Hello, and welcome to the week eight announcements video for CC 410 in fall 2022. This week, we’re going to be starting on what I think is one of the most important chapters in this class where we learn both about design patterns, which are really useful ways that you can solve common problems in your code in a very structured way that other developers will recognize. But we’ll also going to look at test doubles, where we can actually create fake objects and use those in our unit tests, making our unit tests a lot simpler, and actually focusing in on the idea of testing an individual unit of code, and not requiring the whole application to work. Because this is a very large module of content, we’ve actually moved the restaurant milestone so that it is a week later. So instead of being due next Monday, it is due the Monday after that. So you’ve got two weeks to work on this module. There’s also a final project milestone that’s due about that time as well. So keep that in mind that we’re going to have this for a couple of weeks.

And then the next milestone will also be a two week milestone. These are the two larger milestones in the class, and I give you an a little bit extra time to work on them. So hopefully that works out. But I encourage you to really start early on this milestone because it does take a significant amount of time to get there. So the sixth milestone is all about adding both orders and combos to our application. To do that, we’re going to use a lot of different design patterns, such as the factory method pattern, the builder pattern, the singleton pattern and the iterator pattern. And so we’re going to be adding a lot of more complex code to our program, it’s also going to require some GUI changes. And you’re also going to be writing some unit tests to test the orders and the combos and make sure that they work correctly. This is a lot of very complex code. But it gets us to the point where our program is nearly functional, with the only things we have to add are some more unit testing and checkout at the very end.

So some tips for milestone six. Because there are so many things to do in this milestone, I really encourage you to start working on the orders object first, that’s going to be the singleton pattern. So you’ll have your order object that you can keep track of. It also uses an order number Singleton, so that you can keep track the order numbers in in the theory where you would actually have this deployed on multiple systems that helps you keep track of that.
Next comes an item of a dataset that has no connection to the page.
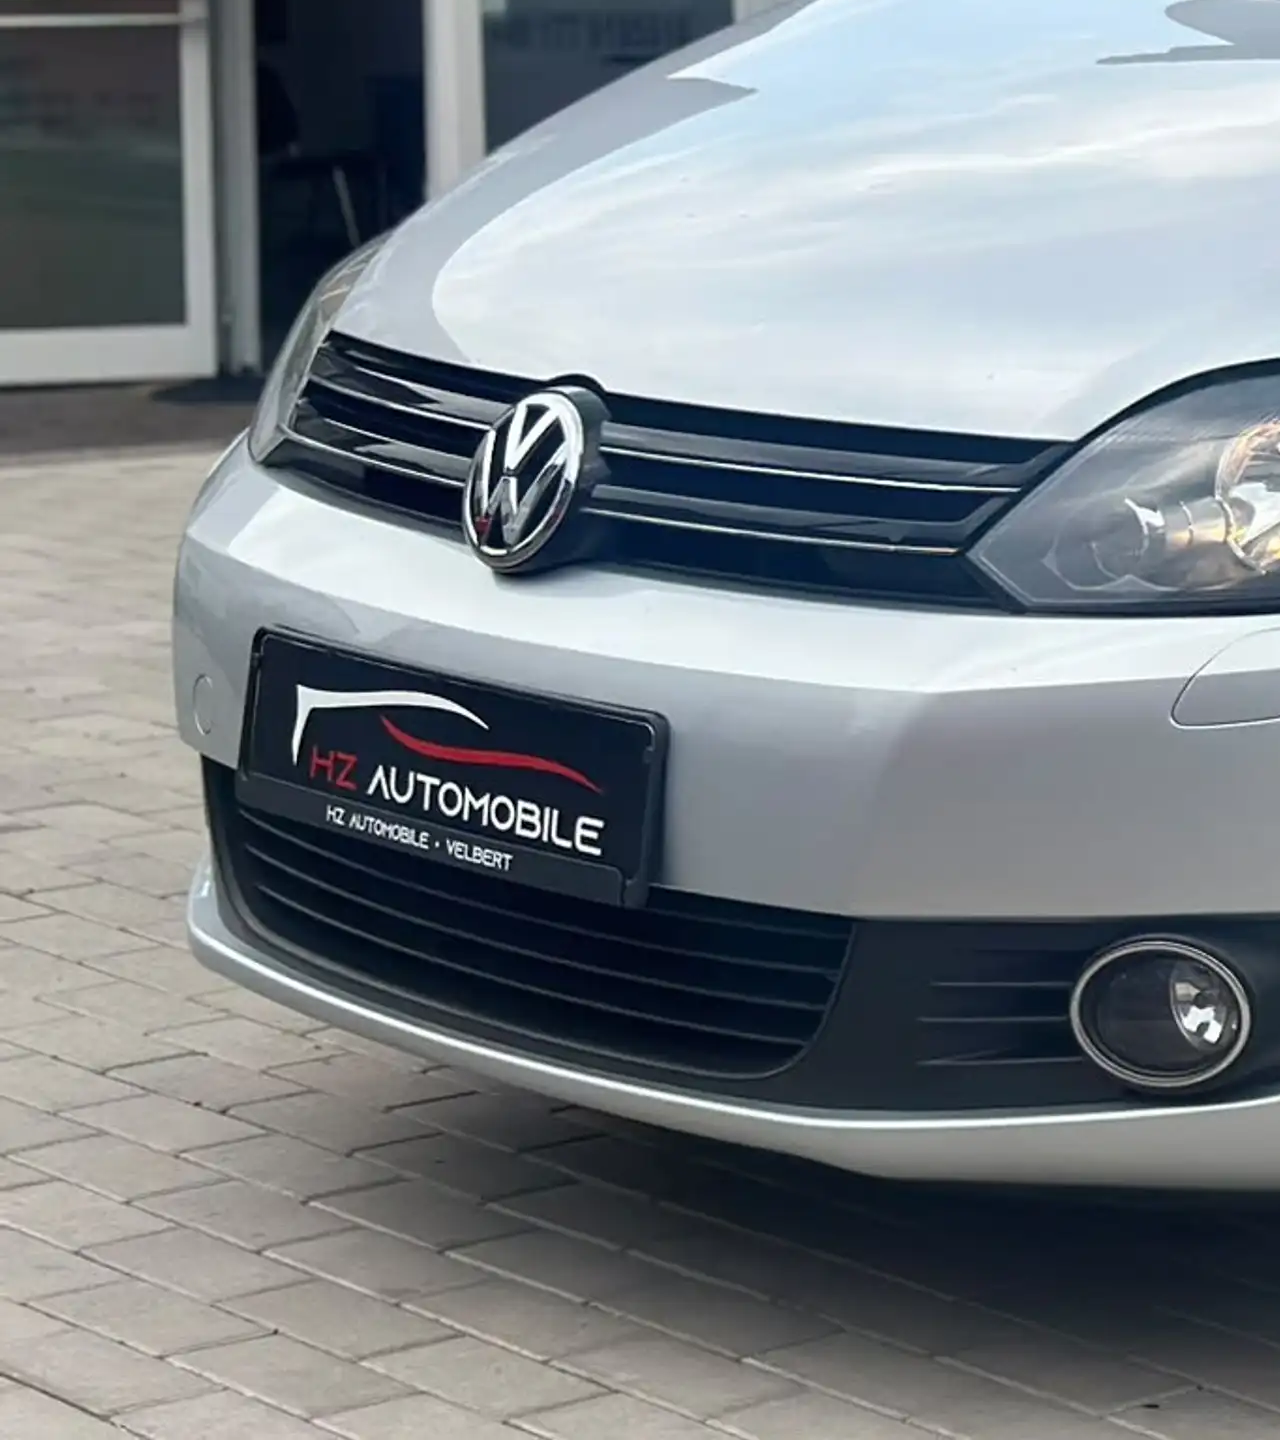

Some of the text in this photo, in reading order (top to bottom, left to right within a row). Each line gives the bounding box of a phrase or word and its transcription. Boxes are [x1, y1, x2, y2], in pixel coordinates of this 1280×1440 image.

Once you get the orders working, then you should work on combos. Combos require a builder, they also require some updates to the menu. But they’re pretty simple once you get going in there, especially if you already have orders working, because adding combos to a working order system is not that terrible. Once you get that done, then you’ll work on the factory method pattern and make the panel factories. Those really don’t change functionality. Those just clean up your code and deduplicate a lot of code. And as you go, I really encourage you to make unit tests so that you can check your orders class, your combos class, your factory class, make sure that it’s working the way it should. The other thing that you should be doing is documenting your code. Any new code classes in the actual source code need to have full documentation comments. And they also need to pass a style checker and a type checker. I know a lot of you had a lot of outstanding style issues in the last milestone. So make sure you’re going through and fixing those, because I’m going to continue to count off for style errors if they’re not resolved. So take advantage of those tools and make sure that your code you’re submitting to me is very clean and easy to read.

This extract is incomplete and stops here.